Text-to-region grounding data
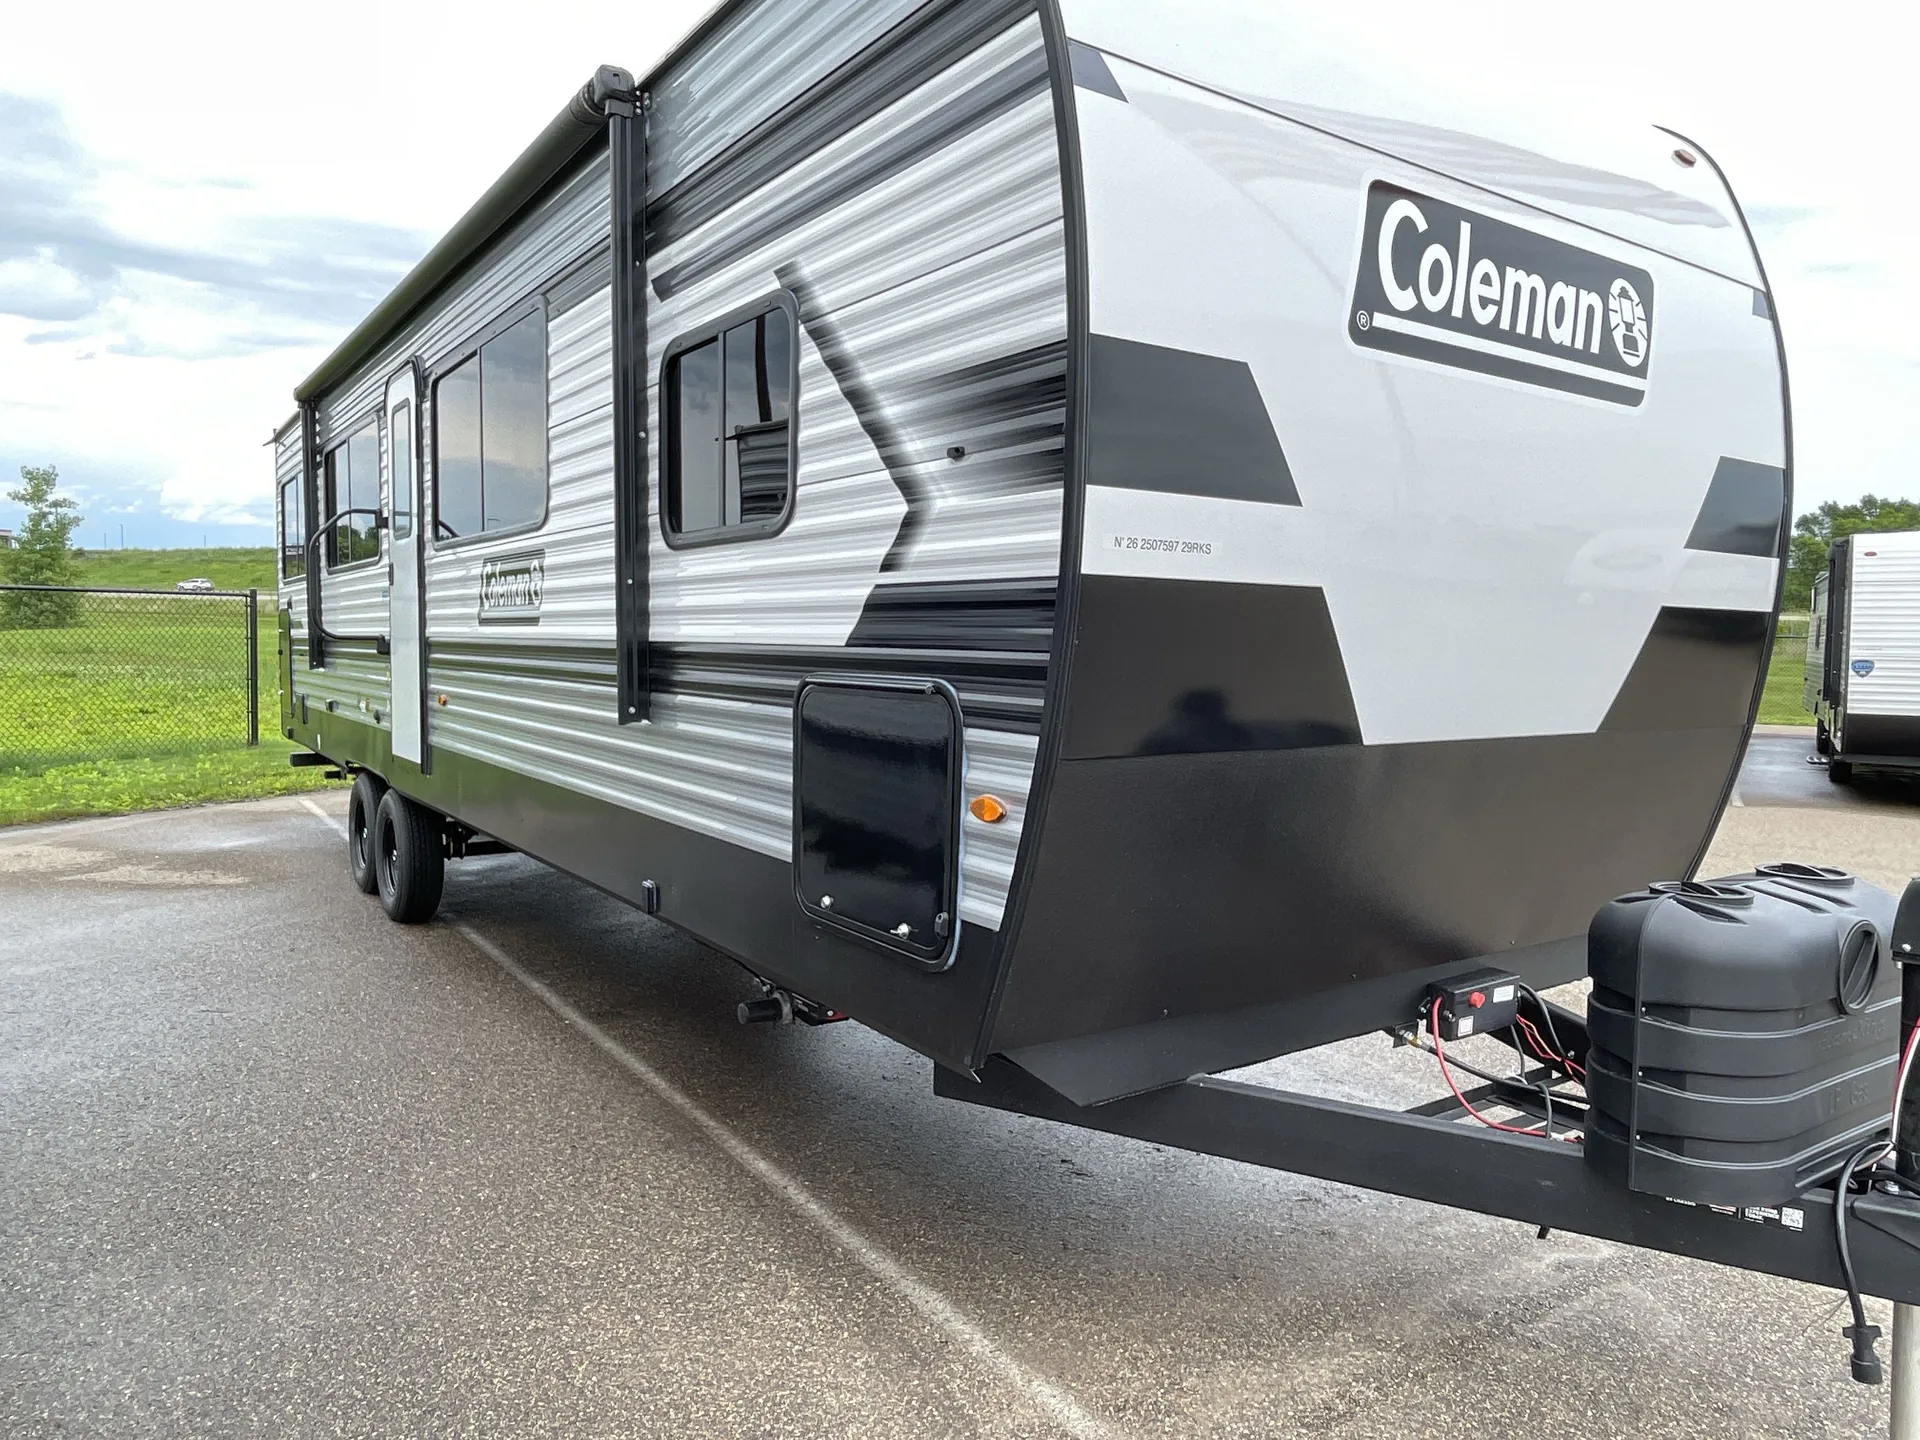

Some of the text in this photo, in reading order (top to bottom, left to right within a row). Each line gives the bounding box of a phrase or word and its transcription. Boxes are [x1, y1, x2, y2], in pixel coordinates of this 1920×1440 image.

[1378, 199, 1604, 354] Coleman
[1126, 537, 1139, 550] 26
[1140, 538, 1179, 552] 2507597
[1181, 541, 1212, 555] 29RKS
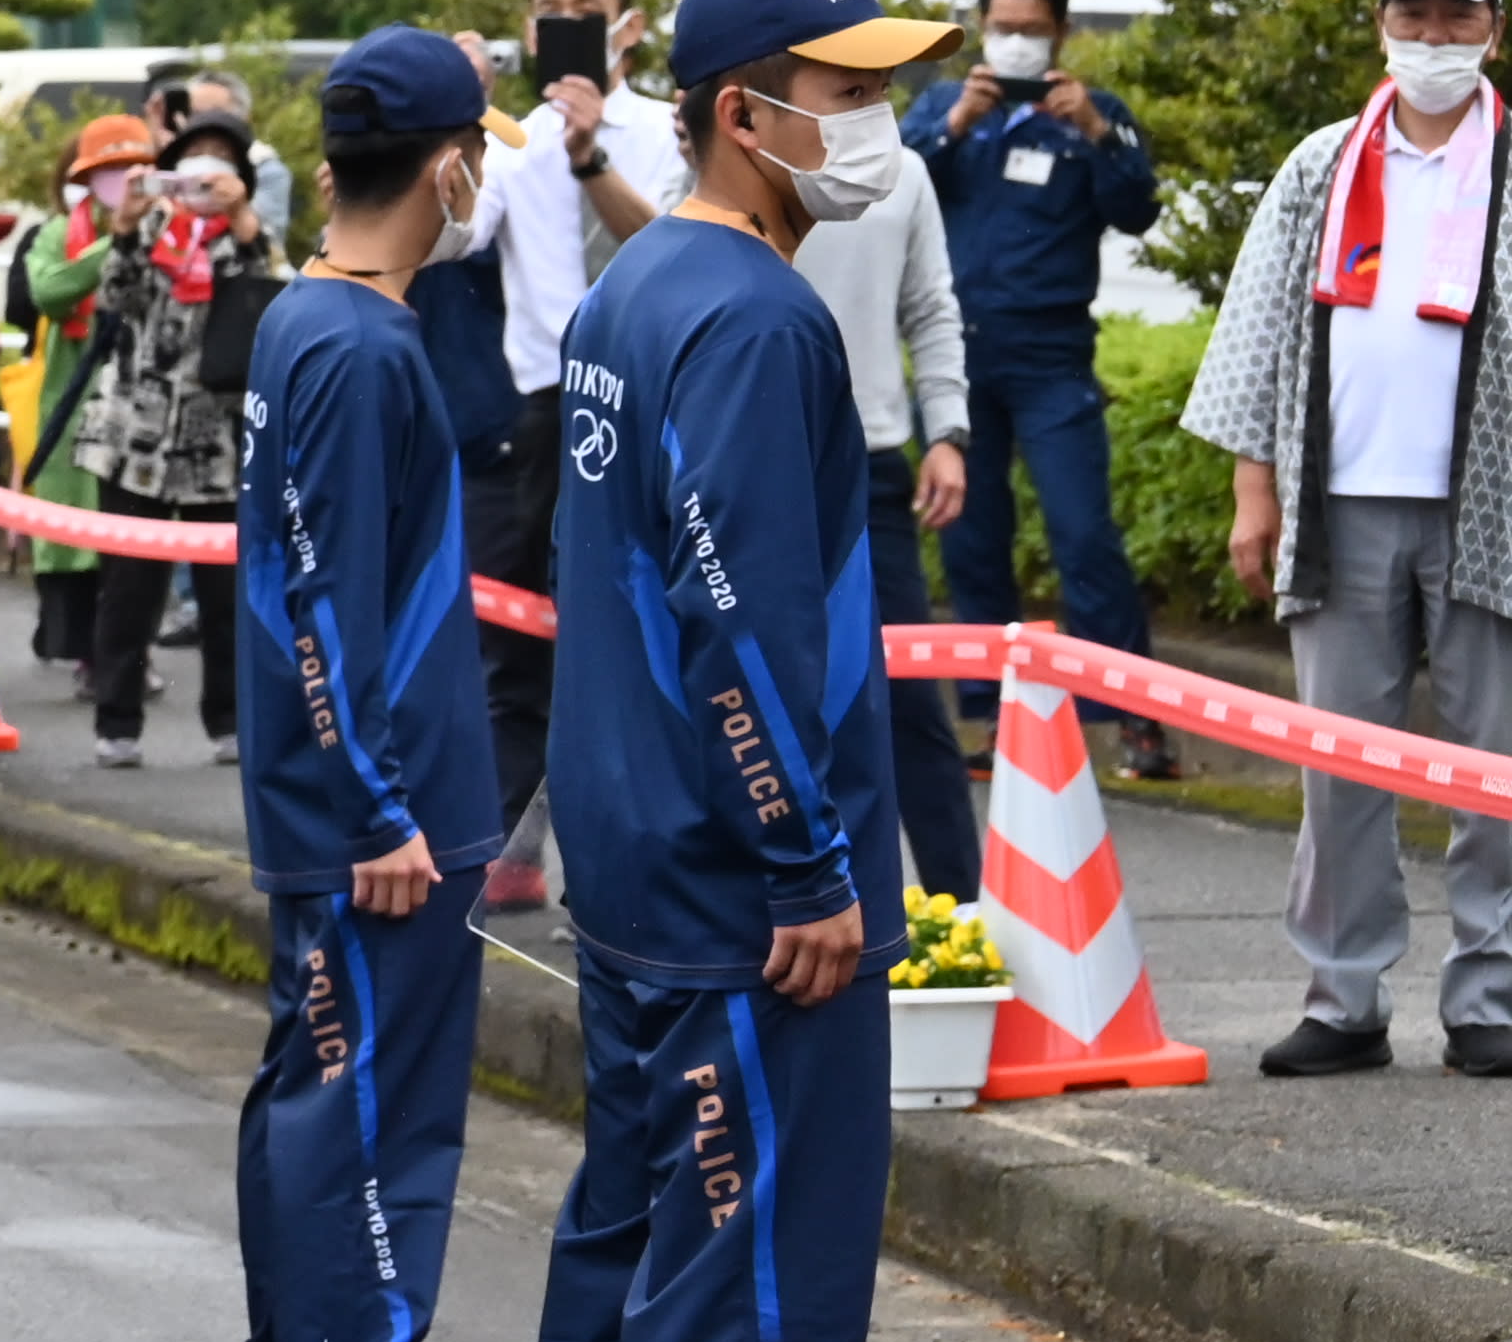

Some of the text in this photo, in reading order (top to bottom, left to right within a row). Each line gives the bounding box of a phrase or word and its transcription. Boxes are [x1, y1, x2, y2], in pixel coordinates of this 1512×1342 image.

[683, 491, 737, 611] TOKYO 2020
[295, 635, 338, 749] POLICE
[709, 686, 791, 825] POLICE
[306, 949, 347, 1085] POLICE
[684, 1064, 742, 1228] POLICE
[374, 1236, 397, 1280] 2020

*EXERCISE REQUIREMENTS*. Write out the entries above verbatim; the pictures do not belong in your copy.

*EXPECTED ANSWER*.
Some of the text in this photo, in reading order (top to bottom, left to right within a row). Each line gives the bounding box of a phrase or word and its transcription. Boxes are [x1, y1, x2, y2], in pixel coordinates of this 1920×1440 image.

[1378, 199, 1604, 354] Coleman
[1126, 537, 1139, 550] 26
[1140, 538, 1179, 552] 2507597
[1181, 541, 1212, 555] 29RKS

Some of the text in this photo, in reading order (top to bottom, left to right within a row). Each line gives the bounding box of a phrase or word and its transcription. Boxes are [x1, y1, x2, y2], in pixel coordinates of this 1512×1342 image.

[683, 491, 737, 611] TOKYO 2020
[295, 635, 338, 749] POLICE
[709, 686, 791, 825] POLICE
[306, 949, 347, 1085] POLICE
[684, 1064, 742, 1228] POLICE
[374, 1236, 397, 1280] 2020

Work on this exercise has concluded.